And on her chest, nestled against her unmoving heart, was a tiny, purple infant.
“Bella.” Kieran dropped to his knees sliding in the slick blood.
He didn’t care. He ruined his Armani suit. He ruined his dignity.
He grabbed her face between his hands. “Bella, open your eyes.
Look at me.” Her head lolled back. She was cold, so cold.
“Baby,” Kieran gasped looking at the infant. “My son.” The baby wasn’t moving.
He wasn’t breathing. Kieran’s world fractured. He had spent months ignoring this life, treating it as a future logistical problem.
Now, looking at the tiny face that mirrored his own, he felt a love so fierce it burned him alive.
“Breathe!” Kieran commanded using the alpha voice. It was a power that could force wolves to submit, enemies to kneel.
The baby didn’t react. “I said breathe!” Kieran roared, tears streaming down his face mixing with the blood on his hands.
He [snorts] placed two fingers on the infant’s tiny chest and pressed, mimicking what he’d seen in movies.
He was clumsy, terrified. “Don’t you do this to me.
Don’t you dare die on me.” He blew a puff of air into the baby’s mouth.
He pressed again. “Come on, little warrior.” Kieran sobbed, “Fight.
Fight for me.” Silence. Then, a shudder, a tiny choked cough, and then a wail, thin, reedy, but the most beautiful sound Kieran had ever heard.

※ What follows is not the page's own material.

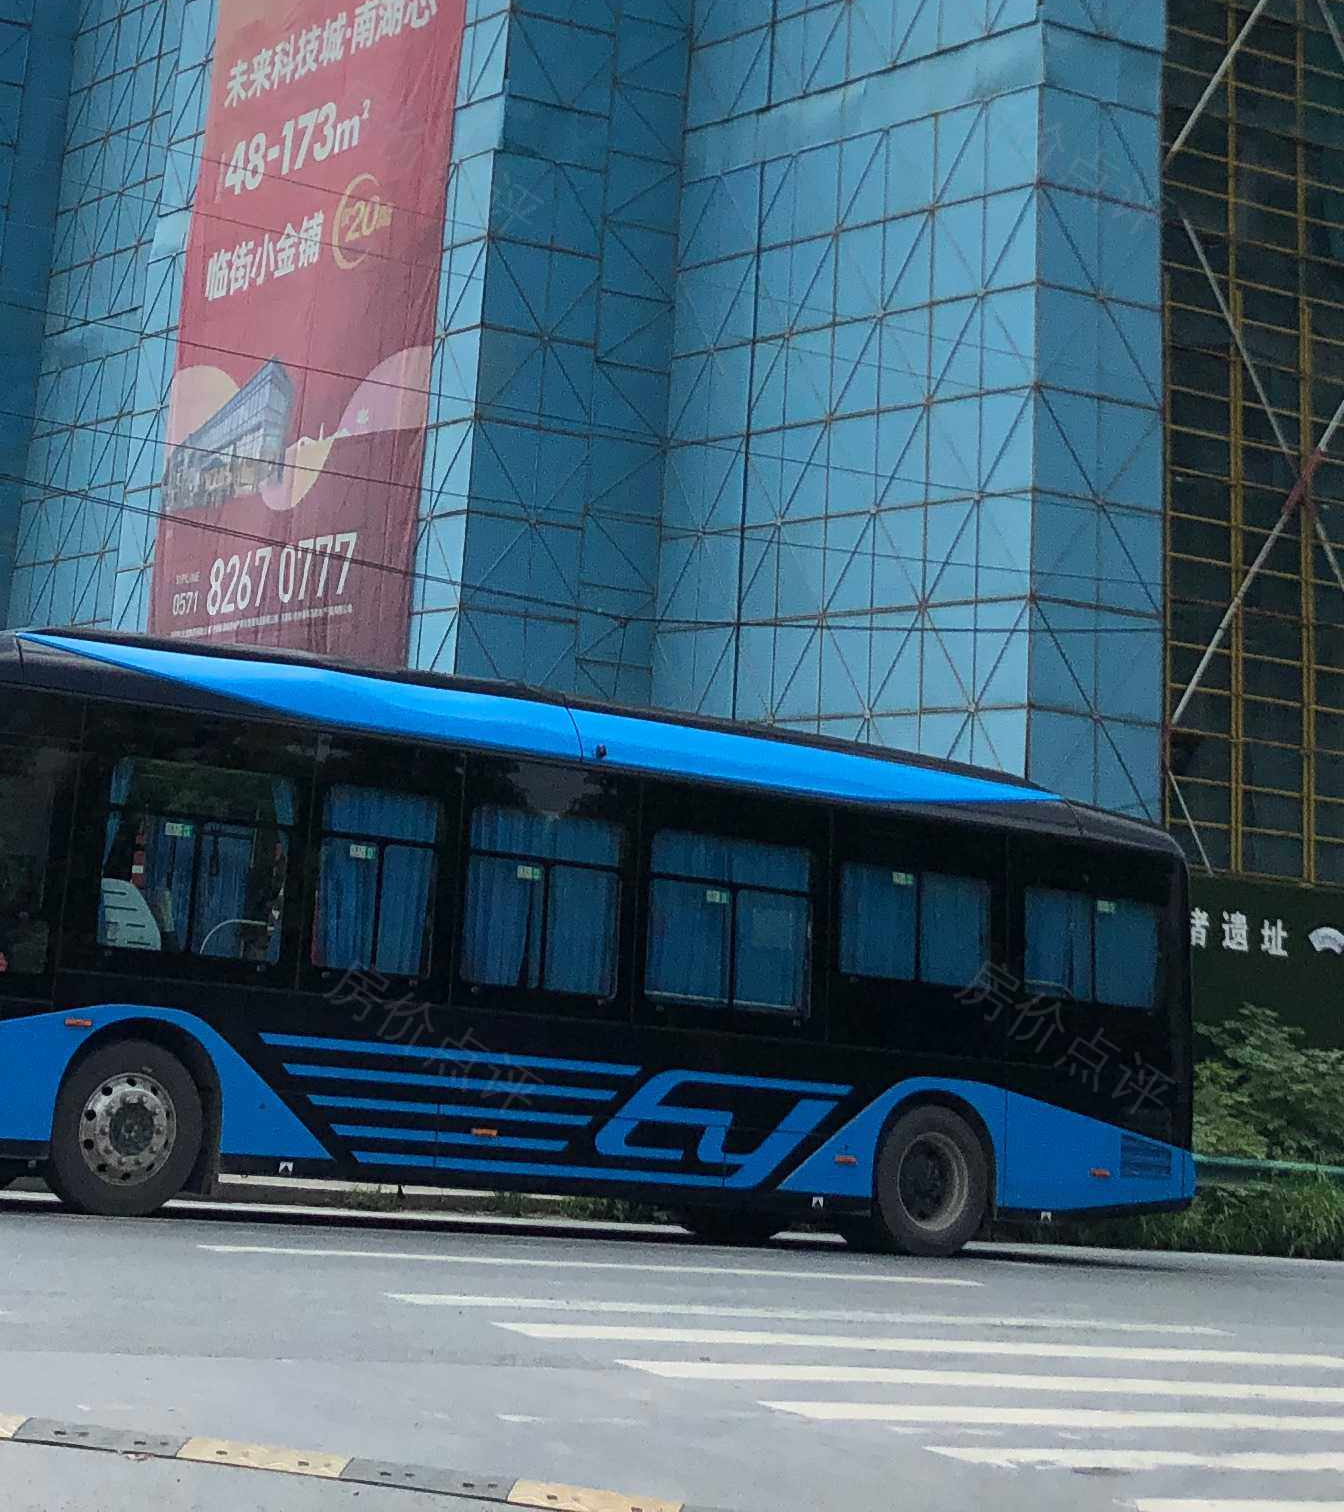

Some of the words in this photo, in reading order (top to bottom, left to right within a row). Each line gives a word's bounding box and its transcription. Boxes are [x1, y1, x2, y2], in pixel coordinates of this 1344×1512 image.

[172, 590, 199, 616] 0571
[206, 545, 272, 617] 8267
[276, 530, 358, 604] 0777

The baby’s chest heaved, sucking in the cold air. The purple hue began to fade, replaced by a flushed pink.
“Yes.” Kieran wept, scooping the crying baby into one arm.
“Yes, I’ve got you.” He turned back to Bella. “Bella, he’s okay.”

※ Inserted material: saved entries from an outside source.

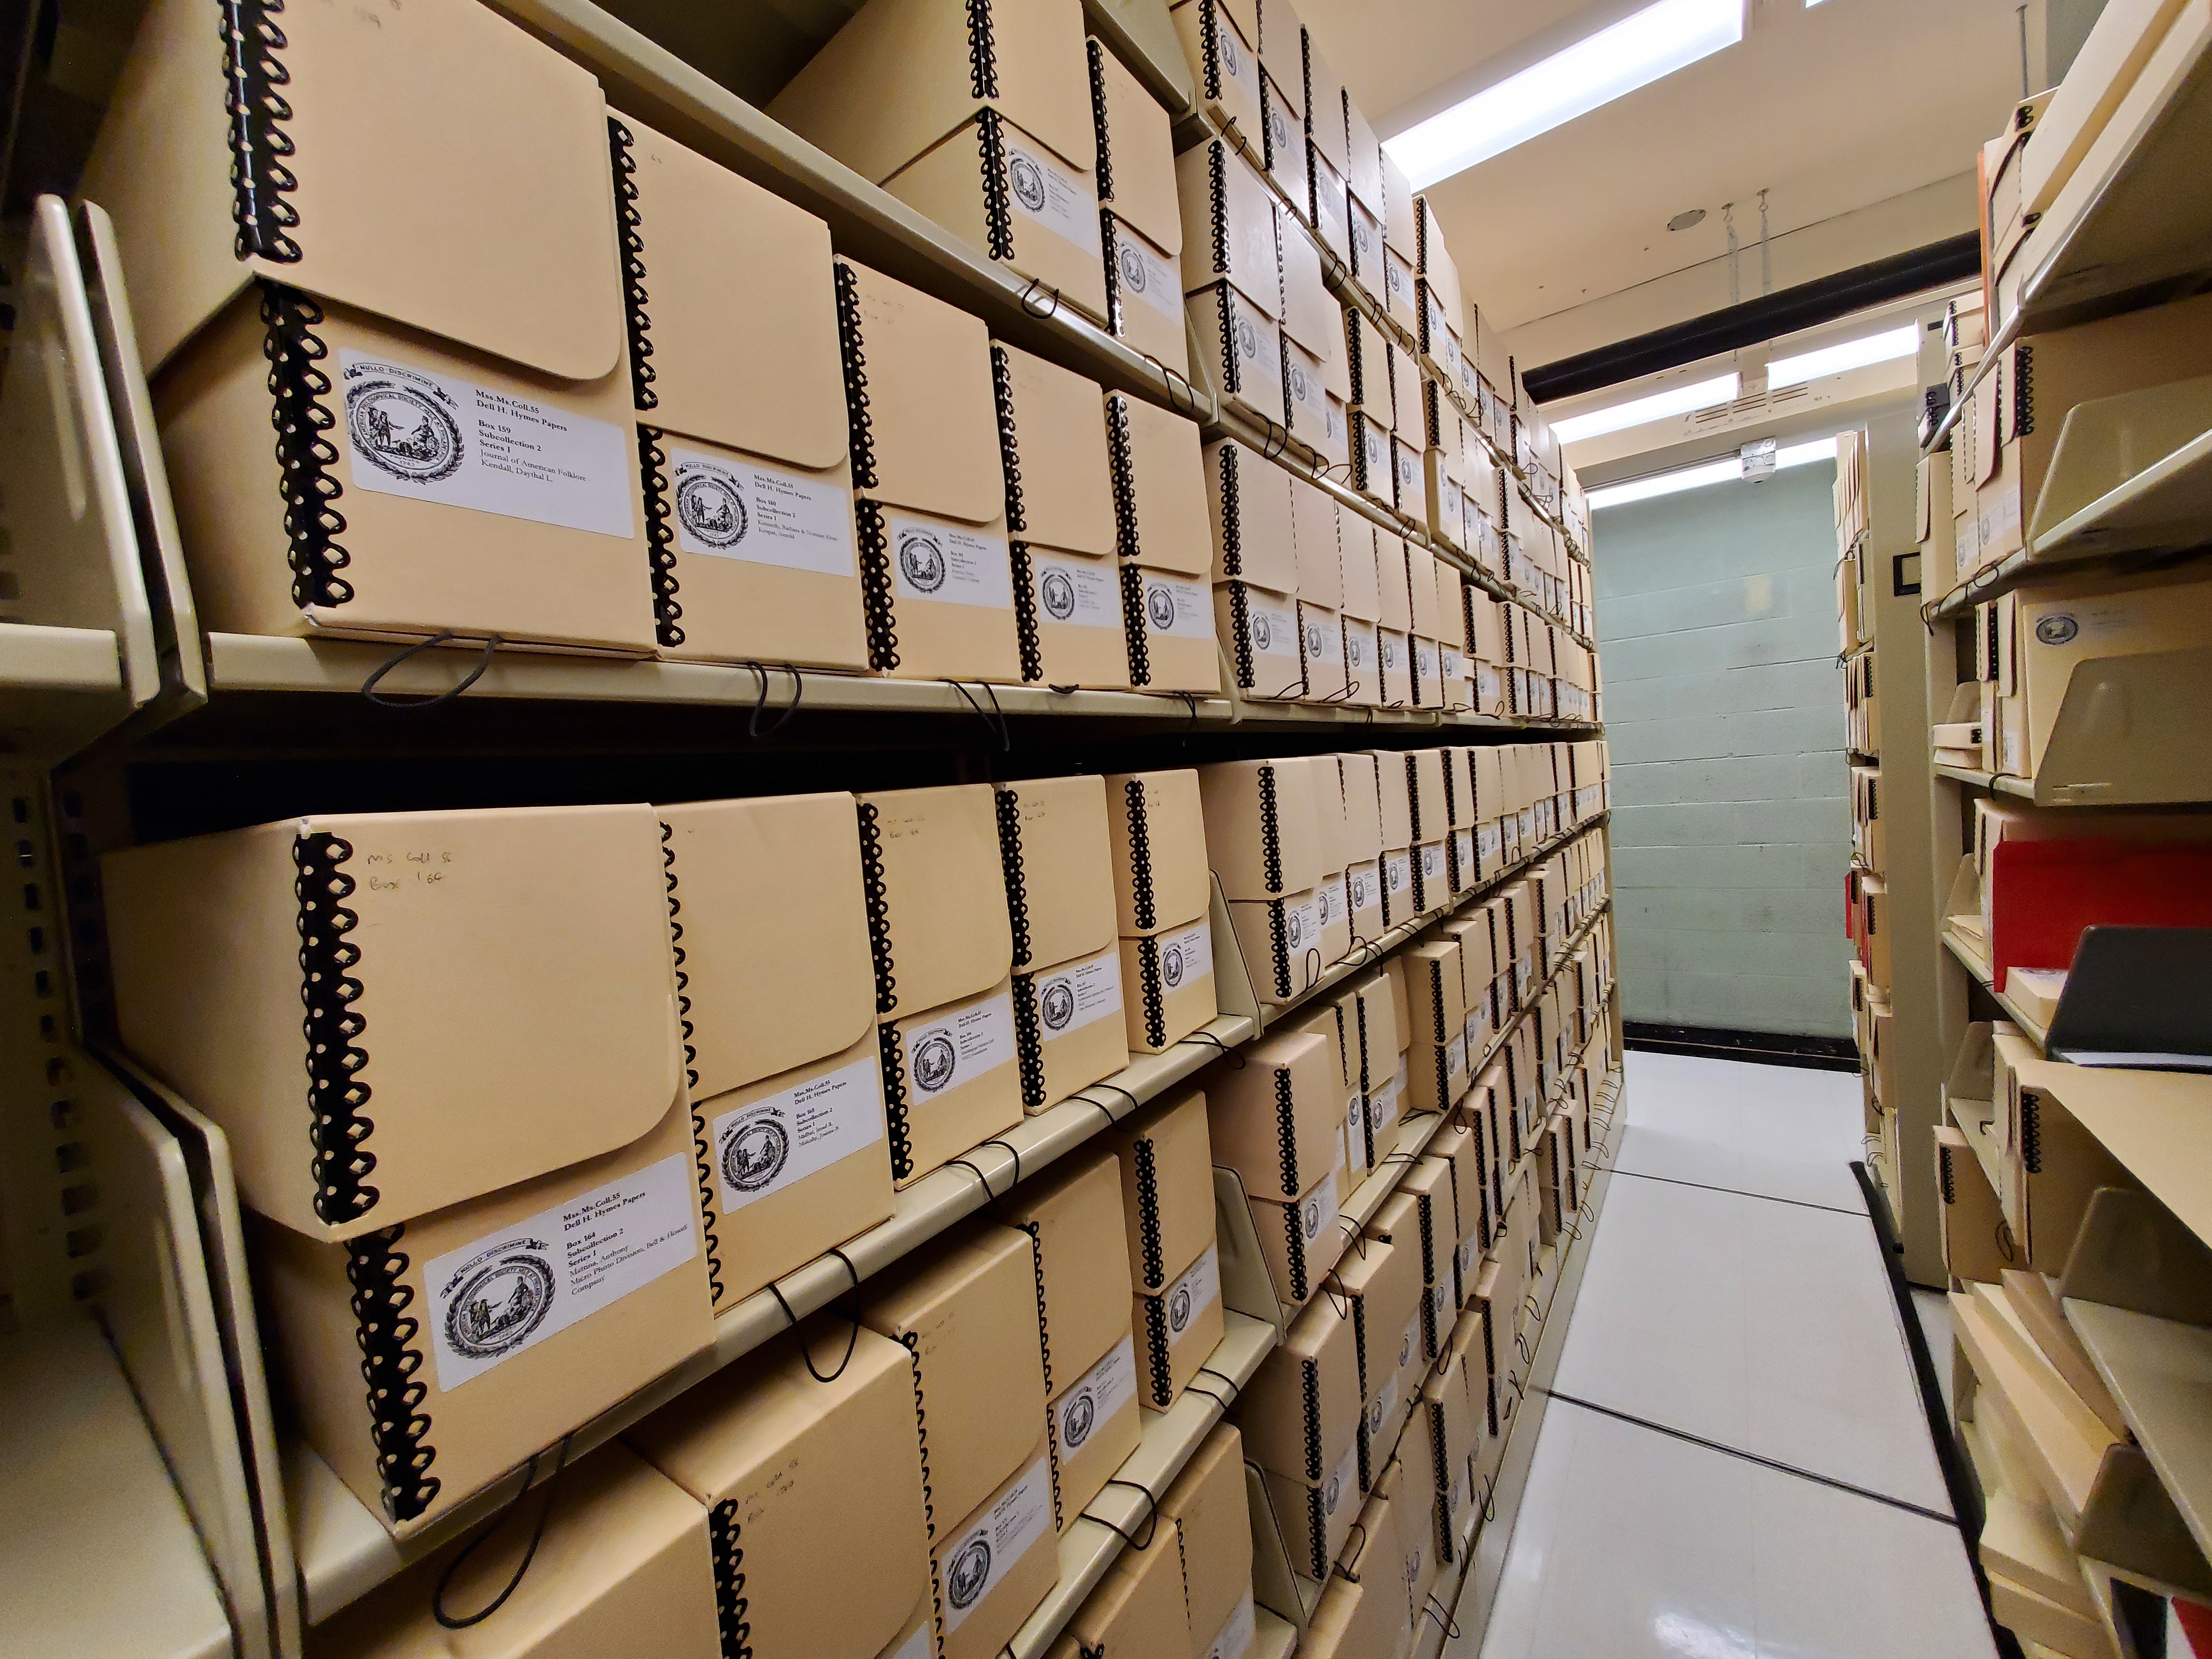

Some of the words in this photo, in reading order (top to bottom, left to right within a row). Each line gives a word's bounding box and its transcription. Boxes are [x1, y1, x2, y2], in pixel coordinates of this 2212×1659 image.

[475, 389, 540, 414] Mss.Ms.Coll.55
[477, 399, 495, 410] Dell
[497, 406, 508, 414] H.
[511, 409, 540, 424] Hymes
[542, 419, 567, 432] Papers
[478, 419, 495, 430] Box
[498, 425, 511, 434] 159
[479, 429, 535, 450] Subcollection
[480, 439, 504, 451] Series
[480, 449, 509, 462] Journal
[522, 460, 556, 474] American
[558, 469, 587, 481] Folklore
[516, 468, 544, 480] Daythal
[795, 492, 811, 500] Papers
[757, 505, 791, 517] Subcollection
[757, 512, 773, 520] Series
[814, 1088, 830, 1097] Hymes
[796, 1110, 829, 1126] Subcollection
[797, 1125, 812, 1133] Series
[563, 1192, 621, 1222] Mss.Ms.Coll.55
[564, 1219, 580, 1231] Dell
[583, 1215, 593, 1223] H.
[595, 1203, 621, 1218] Hymes
[623, 1192, 646, 1206] Papers
[566, 1239, 582, 1250] Box
[584, 1232, 596, 1242] 164
[567, 1232, 617, 1259] Subcollection
[568, 1255, 591, 1267] Series
[601, 1245, 629, 1262] Anthony
[594, 1262, 614, 1274] Photo

Kieran said, his voice shaking. “Our son is okay. You did it.
Wake up, sweetheart. Wake up and see him.” Bella didn’t move.
She didn’t breathe. Kieran pressed his ear to her chest.
Silence. “No.” Kieran whispered. The terror returned, colder than before.
“No. No. No.” He scooped Bella up in his other arm, holding her limp body against his chest, the baby sandwiched between them.
He stood up, his legs shaking under the weight of his dying world.
“Help!” Kieran screamed, his voice shattering the windows in the hallway.
“Help me!” He ran toward the hospital wing, carrying his dead mate and his living son, leaving a trail of blood that would stain the Blackwood estate forever.
The waiting room of the pack hospital was usually a place of minor injuries.
Tonight, it felt like a tomb. Kieran sat on a plastic chair, his elbows on his knees, his head in his hands.
He was still covered in blood. It had dried into a stiff, dark crust on his shirt and hands.
He refused to wash it off. He felt he deserved to wear it.
Across the room, in the nursery window, lay his son.
The nurses had named him Baby Boy Blackwood on the chart.
He was in an incubator, hooked up to tubes and wires.
He was small, premature, but fierce. He was fighting. Kieran couldn’t look at him.
Every time he looked at the baby, he saw Bella’s blue lips.
“Alpha.” Kieran didn’t look up. It was Silas. “The council is asking for a statement.”
Silas said, his voice unusually quiet. “They want to know if the heir is secure.”
Kieran laughed. It was a dark, broken sound. “The heir?
Is that all he is to you?” “Kieran, you need to shower.”
Silas said, stepping closer. “You look” “Like a butcher?” Kieran snapped, lifting his head.
His eyes were bloodshot, rimmed with dark circles. “I feel like one.”
“It wasn’t your fault.” Silas said automatically. “It was a complication.
These things happen. She was alone.” “Silas.” Kieran whispered. “She was alone in a closet.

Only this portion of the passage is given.